**Task goal**
Every record that follows should be written out word for word; the pictures stay out.

+--

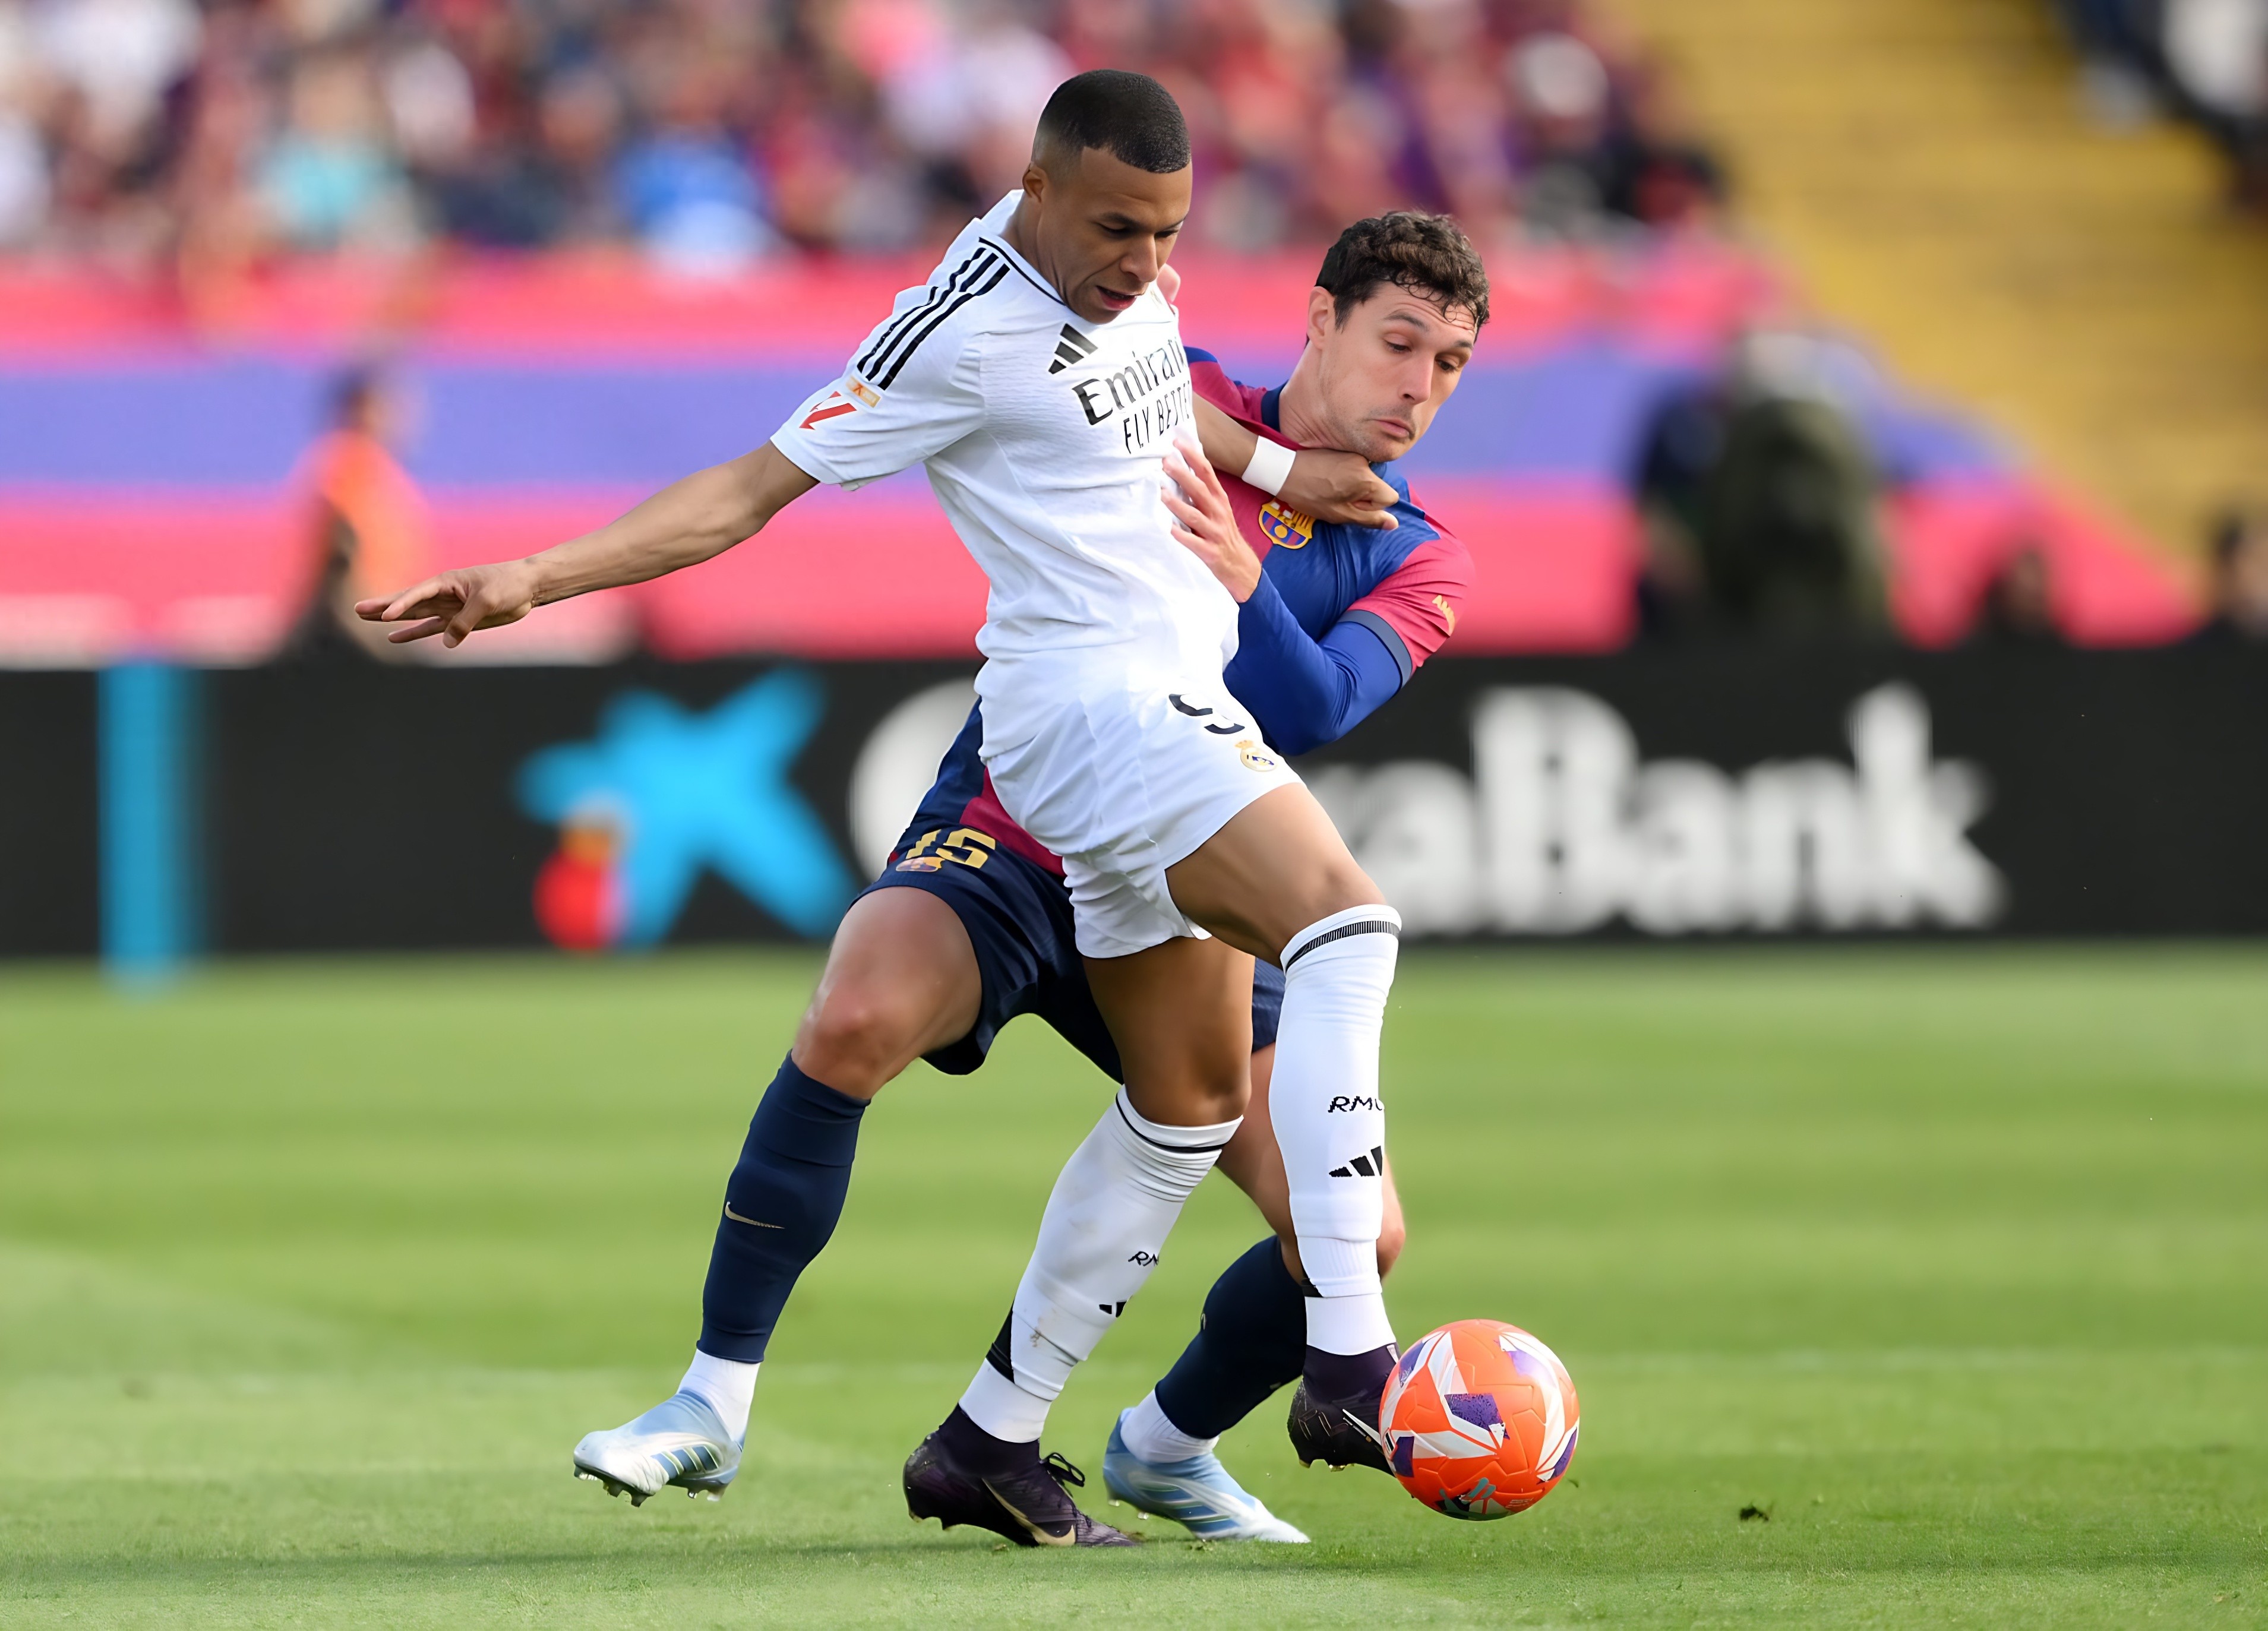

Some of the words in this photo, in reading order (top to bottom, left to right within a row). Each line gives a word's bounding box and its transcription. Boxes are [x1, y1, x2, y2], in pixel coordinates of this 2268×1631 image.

[1071, 336, 1187, 426] Emirat
[1123, 406, 1150, 454] FLY
[1156, 380, 1191, 437] BETTE
[905, 828, 996, 869] 15

+--

**Finished exercise**
Some of the words in this photo, in reading order (top to bottom, left to right within a row). Each line gives a word's bounding box and its transcription. Boxes are [x1, y1, x2, y2], in pixel coordinates of this 2268×1631 image.

[1071, 336, 1187, 426] Emirat
[1123, 406, 1150, 454] FLY
[1156, 380, 1191, 437] BETTE
[905, 828, 996, 869] 15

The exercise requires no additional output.